Friday, March 2, 2012
One of my infrequent jaunts into the world of The Session today, the theme for which is "local beer" and is hosted by Matt over at Hoosier Beer Geek.
I like to support my local breweries, especially people such as Devils Backbone, Starr Hill and Blue Mountain Brewery. I am not a fan of South Street Brewery in the centre of Charlottesville, and I am yet to get out to Wild Wolf. However, is there a distinction between local breweries and local beer?

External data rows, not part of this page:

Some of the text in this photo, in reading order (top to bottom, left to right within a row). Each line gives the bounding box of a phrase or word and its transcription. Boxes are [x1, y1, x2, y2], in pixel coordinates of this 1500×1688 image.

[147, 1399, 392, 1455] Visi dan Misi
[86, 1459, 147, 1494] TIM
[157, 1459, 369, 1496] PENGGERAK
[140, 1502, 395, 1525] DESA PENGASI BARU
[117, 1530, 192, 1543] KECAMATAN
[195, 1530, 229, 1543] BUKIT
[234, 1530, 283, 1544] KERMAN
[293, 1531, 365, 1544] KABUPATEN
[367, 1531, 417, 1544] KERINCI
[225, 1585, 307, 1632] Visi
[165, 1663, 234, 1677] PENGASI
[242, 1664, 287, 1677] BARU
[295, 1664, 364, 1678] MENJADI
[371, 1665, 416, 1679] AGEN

My problem with the term "local beer" is that so often the ingredients being used by "local breweries" are anything but local. Malts come from Canada, the UK, Belgium and sometimes Germany, hops likewise come from a raft of countries, including the latest craze for Antipodean hops. Yeast is sourced from multinational companies with libraries of strains again spanning the globe. Want to brew a witbier? No problem, order a Belgian yeast specifically for use in witbiers, use the Weihenstephan strain for making a German hefeweizen, Nottingham for an English ale, or even Prague's Staropramen for making that Bohemian pilsner you've been dreaming about.

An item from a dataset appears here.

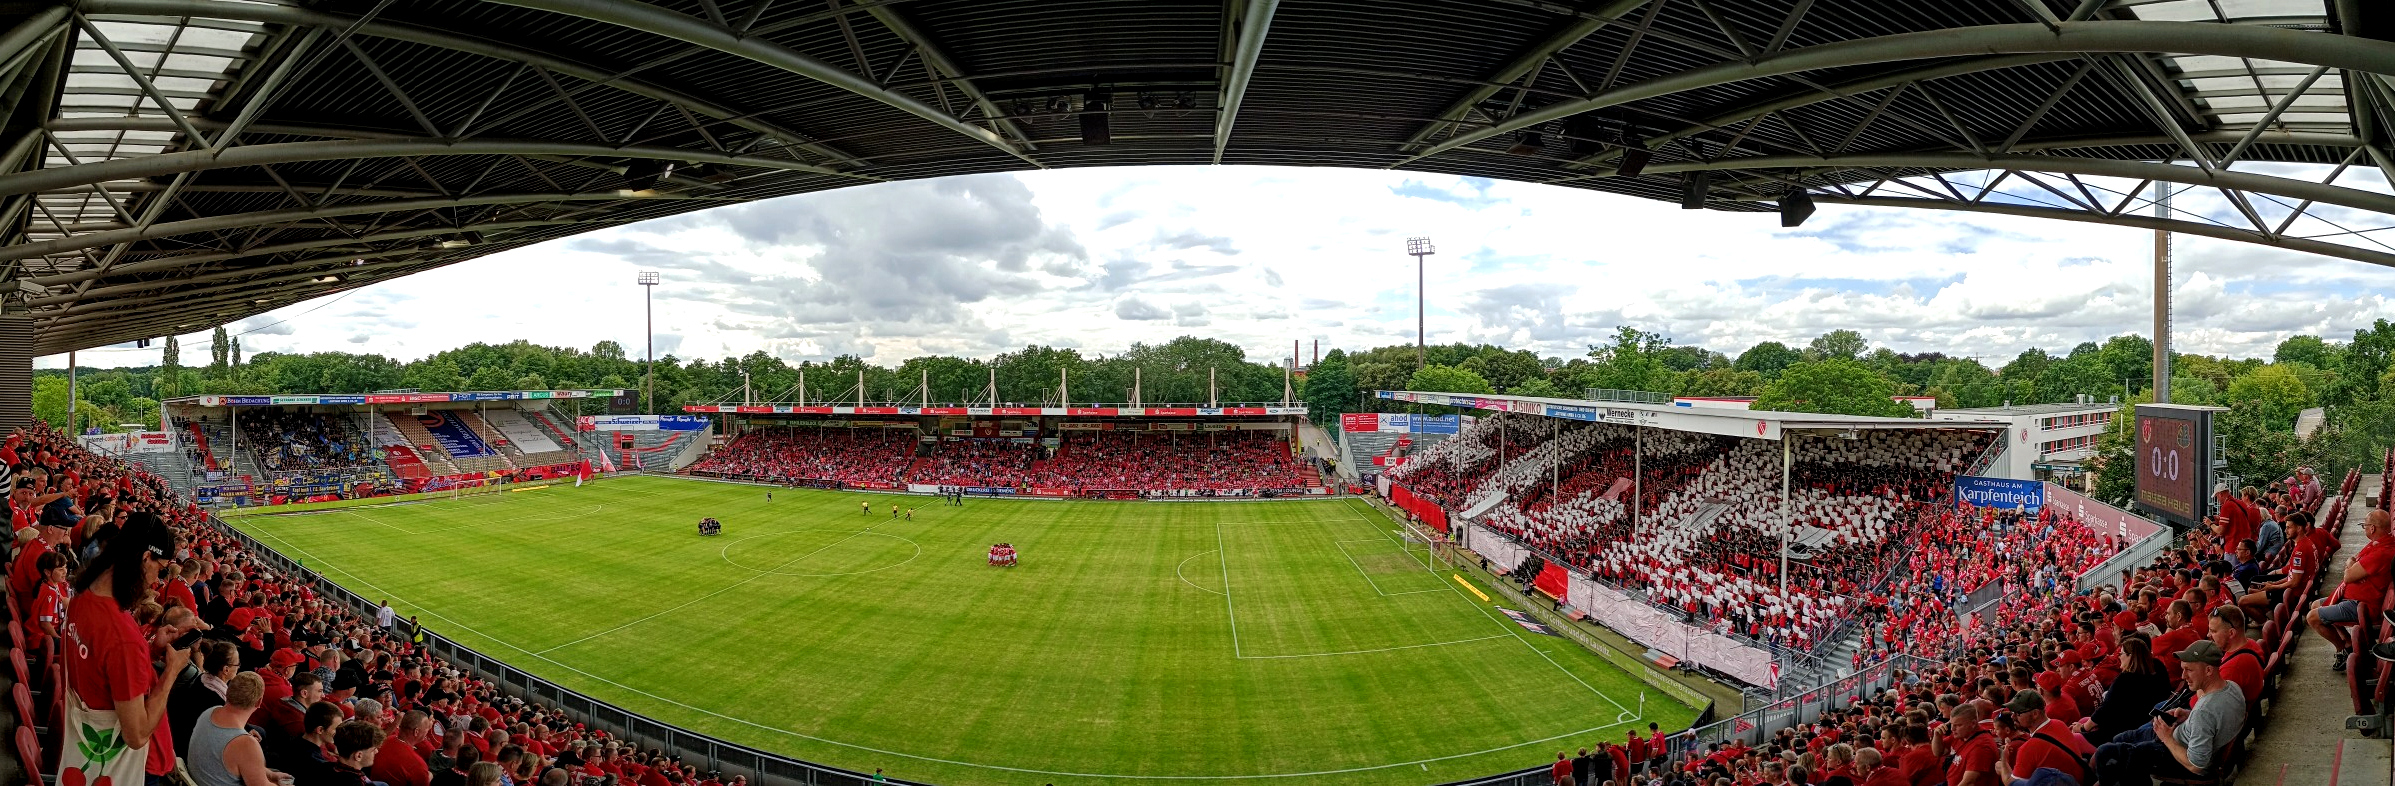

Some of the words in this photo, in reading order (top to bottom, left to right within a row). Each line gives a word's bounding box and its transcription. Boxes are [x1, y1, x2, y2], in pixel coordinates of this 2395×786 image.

That pretty much leaves the water as the only genuinely local element of a beer, but how many breweries strip their water of all the minerals and salts which make regional water a driving force in the history of developing beer styles and then add back the required minerals for a particular style? Imagine London and Dublin had soft water instead of hard, porter and it's offspring, stout, would likely be very different beers. For decades after Josef Groll developed the Pilsner style of pale lager, the brewers of Munich struggled to create a pale beer using the Munich water, until Spaten cracked it in the 1890s.
So when a brewery adds foreign malts and foreign hops to a stripped out water source, modified to mimic the water from Burton, Dublin or Plzeň, and ferments the resultant wort with a foreign yeast strain, can you in all honesty call that beer "local"? Sure it might be "craft", whatever that pointless term means, but let's not get misty eyed and romantic and think of it as local beer.